• **Exercise brief**
Every entry below is to be returned unchanged. Images are not part of the copy.

(Collected data entries)
----------

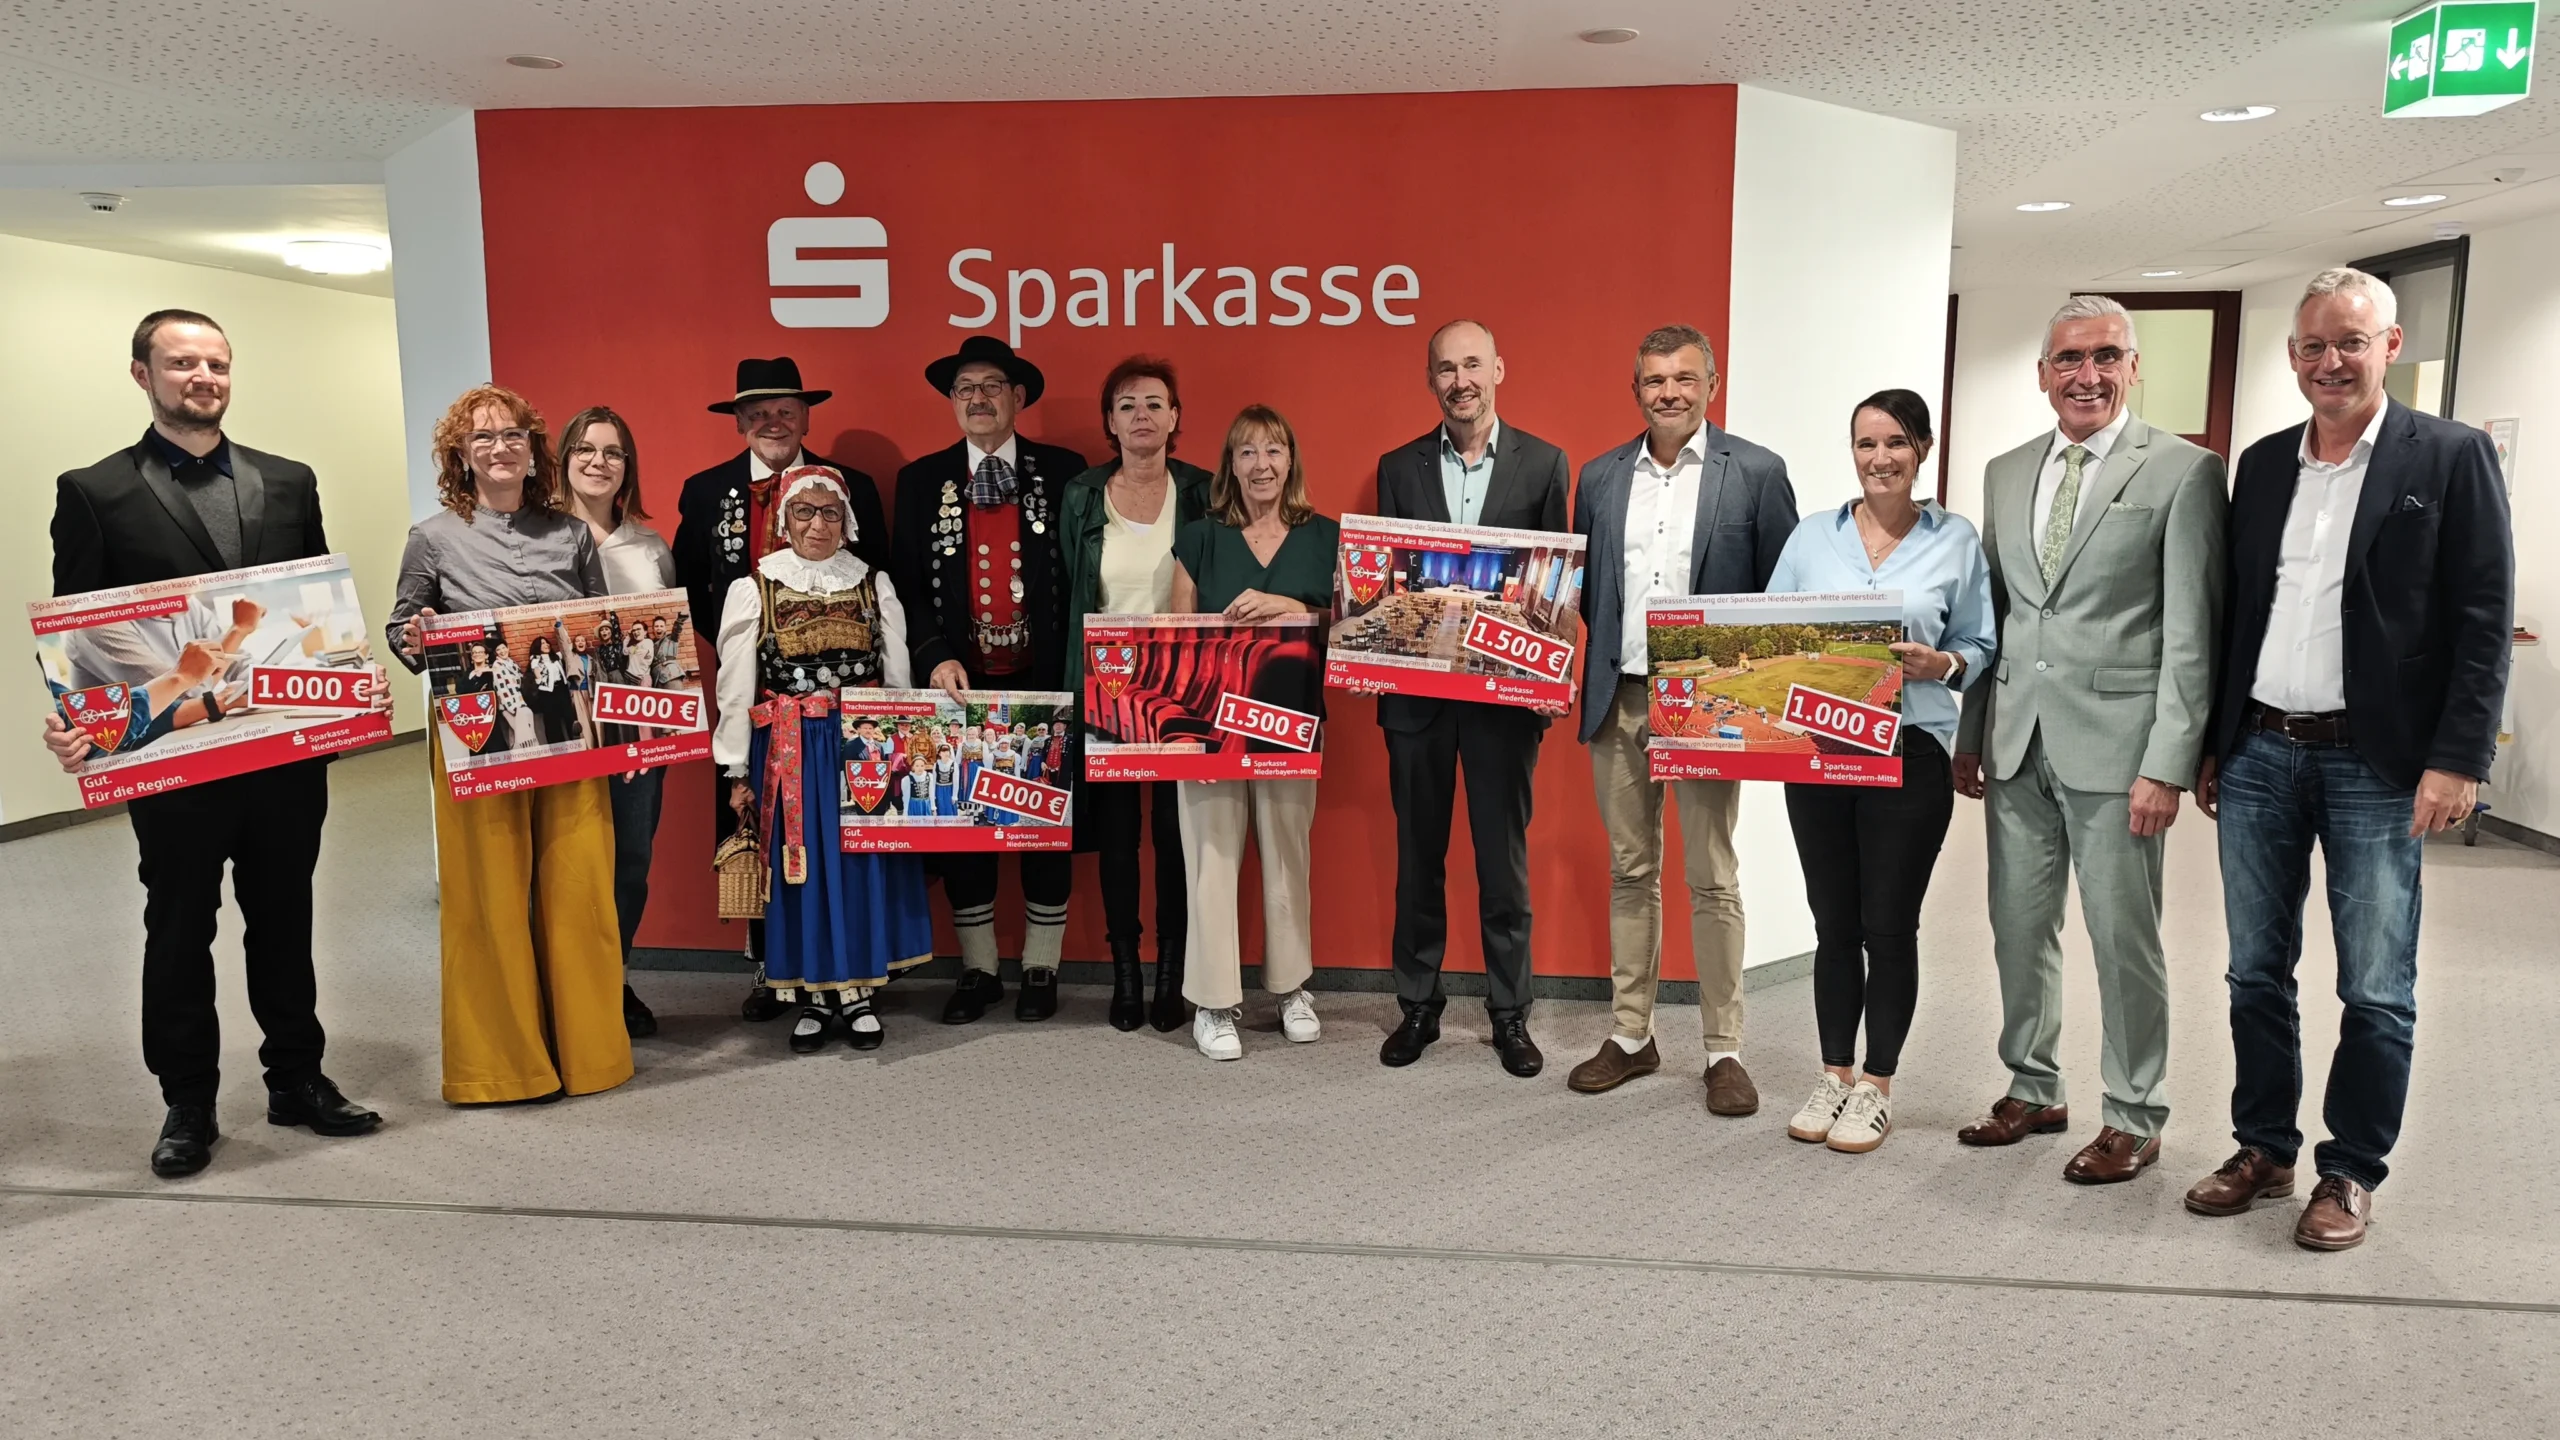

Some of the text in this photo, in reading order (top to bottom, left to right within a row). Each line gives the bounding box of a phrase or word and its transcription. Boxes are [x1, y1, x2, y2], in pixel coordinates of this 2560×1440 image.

[947, 242, 1419, 348] Sparkasse
[1345, 517, 1383, 526] Sparkassen
[1427, 524, 1463, 533] Sparkasse
[1418, 539, 1463, 549] Burgtheaters
[32, 596, 90, 611] Sparkassen
[91, 589, 130, 601] Stiftung
[133, 587, 148, 595] der
[150, 581, 197, 593] Sparkasse
[199, 565, 284, 584] Niederbayern-Mitte
[1650, 597, 1687, 606] Sparkassen
[1689, 596, 1715, 605] Stiftung
[1730, 595, 1766, 604] Sparkasse
[1768, 594, 1840, 603] Niederbayern-Mitte
[37, 600, 183, 629] Freiwilligenzentrum Straubing
[1667, 613, 1699, 621] Straubing
[426, 629, 479, 641] FEM-Connect
[1473, 622, 1566, 672] 1.500 €
[1330, 662, 1348, 672] Gut.
[258, 674, 370, 701] 1.000 €
[1329, 675, 1398, 690] Für die Region.
[1499, 685, 1534, 694] Sparkasse
[1498, 694, 1564, 706] Niederbayern-Mitte
[601, 692, 696, 721] 1.000 €
[845, 703, 893, 711] Trachtenverein
[1224, 703, 1312, 742] 1.500 €
[1791, 695, 1892, 744] 1.000 €
[309, 728, 350, 743] Sparkasse
[311, 729, 388, 752] Niederbayern-Mitte
[144, 750, 158, 759] des
[161, 744, 194, 755] Projekts
[565, 743, 582, 751] 2026
[641, 744, 676, 756] Sparkasse
[642, 747, 708, 763] Niederbayern-Mitte
[1089, 757, 1108, 765] Gut.
[1653, 750, 1671, 760] Gut.
[1254, 760, 1287, 768] Sparkasse
[1824, 762, 1862, 771] Sparkasse
[1089, 769, 1158, 778] Für die Region.
[1653, 764, 1721, 777] Für die Region.
[84, 775, 112, 788] Gut.
[452, 772, 475, 782] Gut.
[1824, 772, 1898, 783] Niederbayern-Mitte
[88, 774, 187, 803] Für die Region.
[455, 776, 536, 796] Für die Region.
[978, 777, 1065, 816] 1.000 €
[844, 828, 863, 836] Gut.
[844, 840, 912, 850] Für die Region.

----------

• **Solution to this exercise**
Some of the text in this photo, in reading order (top to bottom, left to right within a row). Each line gives the bounding box of a phrase or word and its transcription. Boxes are [x1, y1, x2, y2], in pixel coordinates of this 2560×1440 image.

[947, 242, 1419, 348] Sparkasse
[1345, 517, 1383, 526] Sparkassen
[1427, 524, 1463, 533] Sparkasse
[1418, 539, 1463, 549] Burgtheaters
[32, 596, 90, 611] Sparkassen
[91, 589, 130, 601] Stiftung
[133, 587, 148, 595] der
[150, 581, 197, 593] Sparkasse
[199, 565, 284, 584] Niederbayern-Mitte
[1650, 597, 1687, 606] Sparkassen
[1689, 596, 1715, 605] Stiftung
[1730, 595, 1766, 604] Sparkasse
[1768, 594, 1840, 603] Niederbayern-Mitte
[37, 600, 183, 629] Freiwilligenzentrum Straubing
[1667, 613, 1699, 621] Straubing
[426, 629, 479, 641] FEM-Connect
[1473, 622, 1566, 672] 1.500 €
[1330, 662, 1348, 672] Gut.
[258, 674, 370, 701] 1.000 €
[1329, 675, 1398, 690] Für die Region.
[1499, 685, 1534, 694] Sparkasse
[1498, 694, 1564, 706] Niederbayern-Mitte
[601, 692, 696, 721] 1.000 €
[845, 703, 893, 711] Trachtenverein
[1224, 703, 1312, 742] 1.500 €
[1791, 695, 1892, 744] 1.000 €
[309, 728, 350, 743] Sparkasse
[311, 729, 388, 752] Niederbayern-Mitte
[144, 750, 158, 759] des
[161, 744, 194, 755] Projekts
[565, 743, 582, 751] 2026
[641, 744, 676, 756] Sparkasse
[642, 747, 708, 763] Niederbayern-Mitte
[1089, 757, 1108, 765] Gut.
[1653, 750, 1671, 760] Gut.
[1254, 760, 1287, 768] Sparkasse
[1824, 762, 1862, 771] Sparkasse
[1089, 769, 1158, 778] Für die Region.
[1653, 764, 1721, 777] Für die Region.
[84, 775, 112, 788] Gut.
[452, 772, 475, 782] Gut.
[1824, 772, 1898, 783] Niederbayern-Mitte
[88, 774, 187, 803] Für die Region.
[455, 776, 536, 796] Für die Region.
[978, 777, 1065, 816] 1.000 €
[844, 828, 863, 836] Gut.
[844, 840, 912, 850] Für die Region.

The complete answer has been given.